Stepping Stones After Surgery

Nearly four weeks ago, I had hip surgery to fix a labral tear and femoroacetabular bone impingement (FAI). About a year ago, I had arthroscopic knee surgery to fix a pinched fat pad as well as frayed cartilage, swelling, and was given a PRP injection. In a couple months, I will need the other hip repaired for the same issue.

Needless to say, running has been scarce for me for about a year and a half. I missed my high school senior year of track as well as cross country, indoor, and outdoor track of my freshman year of college. I will have to miss another season of cross country and likely indoor track of my sophomore year and very possibly outdoor track as well.

I have never known a heartbreak like this before.

It is very easy (and even kind of fun) to let our sole identity be a runner when things are going well. The danger with this comes when you can’t do what you love most. You might begin to question your whole purpose, which sounds crazy to most, but from what others have shared with me and what I have read in blogs and articles, the rare runner breed understands this sense of loss. I wouldn’t say the commonality makes such a profound sense of devastation OK, but it does make a person feel a little more normal during such an abnormal walk of life. 
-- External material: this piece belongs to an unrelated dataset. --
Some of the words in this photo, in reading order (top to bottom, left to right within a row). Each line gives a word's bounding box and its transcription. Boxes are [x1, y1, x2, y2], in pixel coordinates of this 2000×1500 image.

In the past year, I have tried so hard to prevent the inevitable loss of muscle and fitness, SO hard that it took a direct shot at my mental health. My whole world revolved around recovery after my knee surgery. And it wasn’t in a healthy way. Every move of mine was dictated by my knee. For example, if my friends were going to be getting ice cream around 9pm, I wouldn’t go. Not because I didn’t want to, but because I figured that 9pm was too late to be out for a person who had had knee surgery and that I should be completely dedicated to recovery. The ironic part was that I’d lay awake knowing that everyone was together, so I got less sleep than I actually would have if I had just gone with them. My efforts were meant with very good intentions, but had extremely adverse effects on my health.

Knowing how draining that mind frame was on me, when I found out I needed two hip surgeries, I was (and still am) determined to not let things be the way they were last year. And it doesn’t mean that I’m not as dedicated to running. I just don’t want my whole life to revolve around something as fleeting as running. I told myself that this time around, I would need to dramatically shift my thinking from being focused solely on the end goal (running) to enjoying the whole journey. Although I am far from perfect at having the most positive attitude when dealing with injury, so far, I have found this journey-focused mindset to be a way better route.
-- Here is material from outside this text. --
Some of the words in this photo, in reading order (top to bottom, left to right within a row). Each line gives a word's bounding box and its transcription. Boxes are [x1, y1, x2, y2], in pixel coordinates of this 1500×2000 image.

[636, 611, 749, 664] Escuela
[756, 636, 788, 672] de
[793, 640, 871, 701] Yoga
The very beautiful and unique part of starting at phase 1, building from scratch, is that there is a magnitude of growth and opportunity that is literally at my fingertips. It’s quite a wonderful privilege, actually.

Last summer after my knee surgery I couldn’t quite figure that out. No amount of leaps and bounds made in recovery was enough cause for celebration for me. The only thing I wanted was to run, which made for a very, very miserable year when it didn’t come.
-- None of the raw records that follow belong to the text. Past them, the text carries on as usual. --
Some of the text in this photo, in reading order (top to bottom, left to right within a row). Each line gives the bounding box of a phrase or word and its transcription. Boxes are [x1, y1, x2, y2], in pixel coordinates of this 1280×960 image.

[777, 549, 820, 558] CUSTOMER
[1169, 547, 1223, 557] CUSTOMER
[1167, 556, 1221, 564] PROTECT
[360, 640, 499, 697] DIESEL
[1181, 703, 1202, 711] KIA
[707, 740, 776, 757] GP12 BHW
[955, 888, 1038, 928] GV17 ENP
Things are different after this hip surgery. I have found myself nearly weeping after I advance and get to do one more thing, no matter how little it might be, like doing a step up on a 2 inch bench first time or getting to walk for one extra minute a day.

This certainly doesn’t dispute the heartache I am facing and the tears and disappointment that some days bring (because recovery, like life, isn’t a vertical straight shot). Running is my passion so it hurts like heck not being able to join in the participation of such a gift with my teammates. And I am aware that while every day I am getting stronger, in a short while I will once again start at phase 1 after my second hip surgery.

You can try to hang on to your own plans, dreams, goals, etc. and do everything you can to keep them close, so desperate to hang on that you leave claw marks behind. I know from experience that watching them slip away can bring you to your knees in sadness. I am longing for the day that I get to put on the Augustana uniform for the first time with my teammates, but I do recognize there is a long road ahead. However, this time I feel special to have been chosen to walk the sometimes isolating and lonely, but also opportunity-filled road, as maddening as it may be.

Although I am head-over-heels in love with running and everything about it, I have found that life goes on, even when running doesn’t. My faith is the most important thing to me, and I think the difference with this hip surgery is because of the reminder that whatever the outcome is in any battle of life, we are already victorious champions because of the Champion of death.

It is really exciting to dare and dream of incredible, seemingly impossible things. Try it sometime. It just might change your life.